(DATA FOR THE TASK begins)

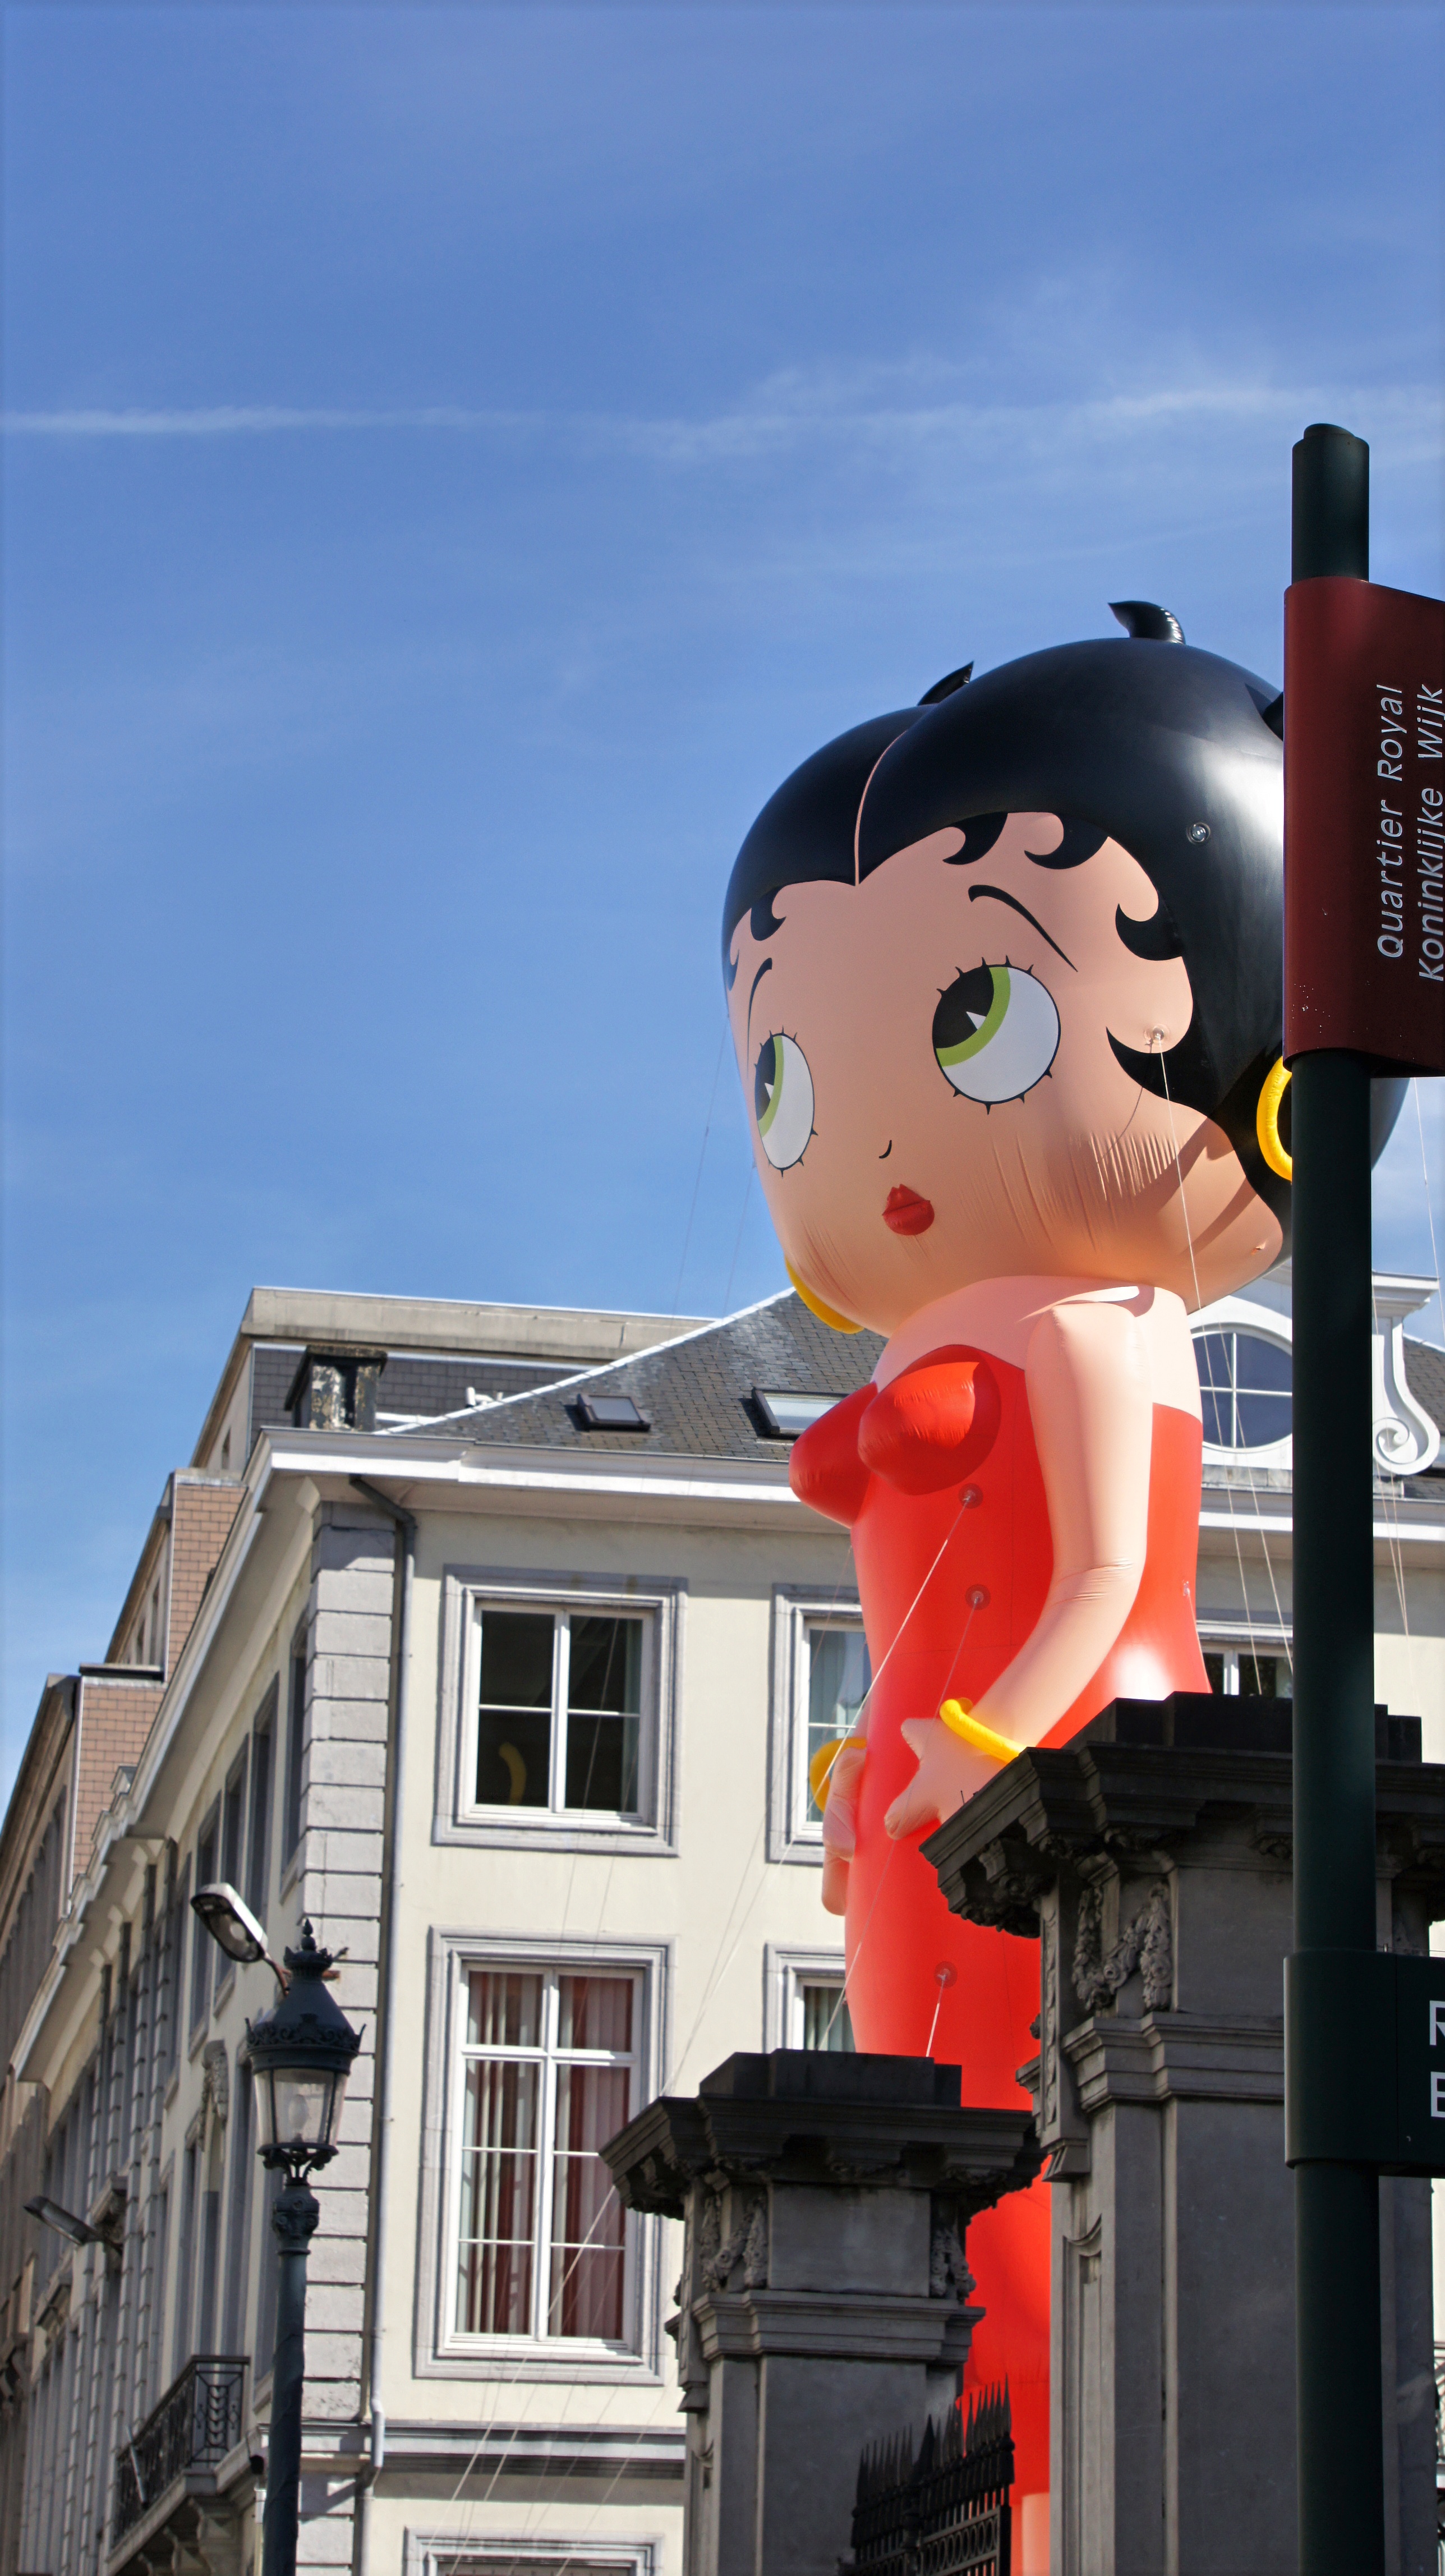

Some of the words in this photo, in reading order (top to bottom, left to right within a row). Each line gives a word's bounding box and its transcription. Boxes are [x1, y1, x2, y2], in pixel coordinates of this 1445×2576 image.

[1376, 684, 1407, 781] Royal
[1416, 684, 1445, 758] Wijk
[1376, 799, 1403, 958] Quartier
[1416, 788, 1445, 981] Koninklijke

(DATA FOR THE TASK ends)

# ASSIGNMENT:
Reproduce each line of the records exactly, omitting any picture.

# ANSWER FOR THE TASK:
Some of the words in this photo, in reading order (top to bottom, left to right within a row). Each line gives a word's bounding box and its transcription. Boxes are [x1, y1, x2, y2], in pixel coordinates of this 1445×2576 image.

[1376, 684, 1407, 781] Royal
[1416, 684, 1445, 758] Wijk
[1376, 799, 1403, 958] Quartier
[1416, 788, 1445, 981] Koninklijke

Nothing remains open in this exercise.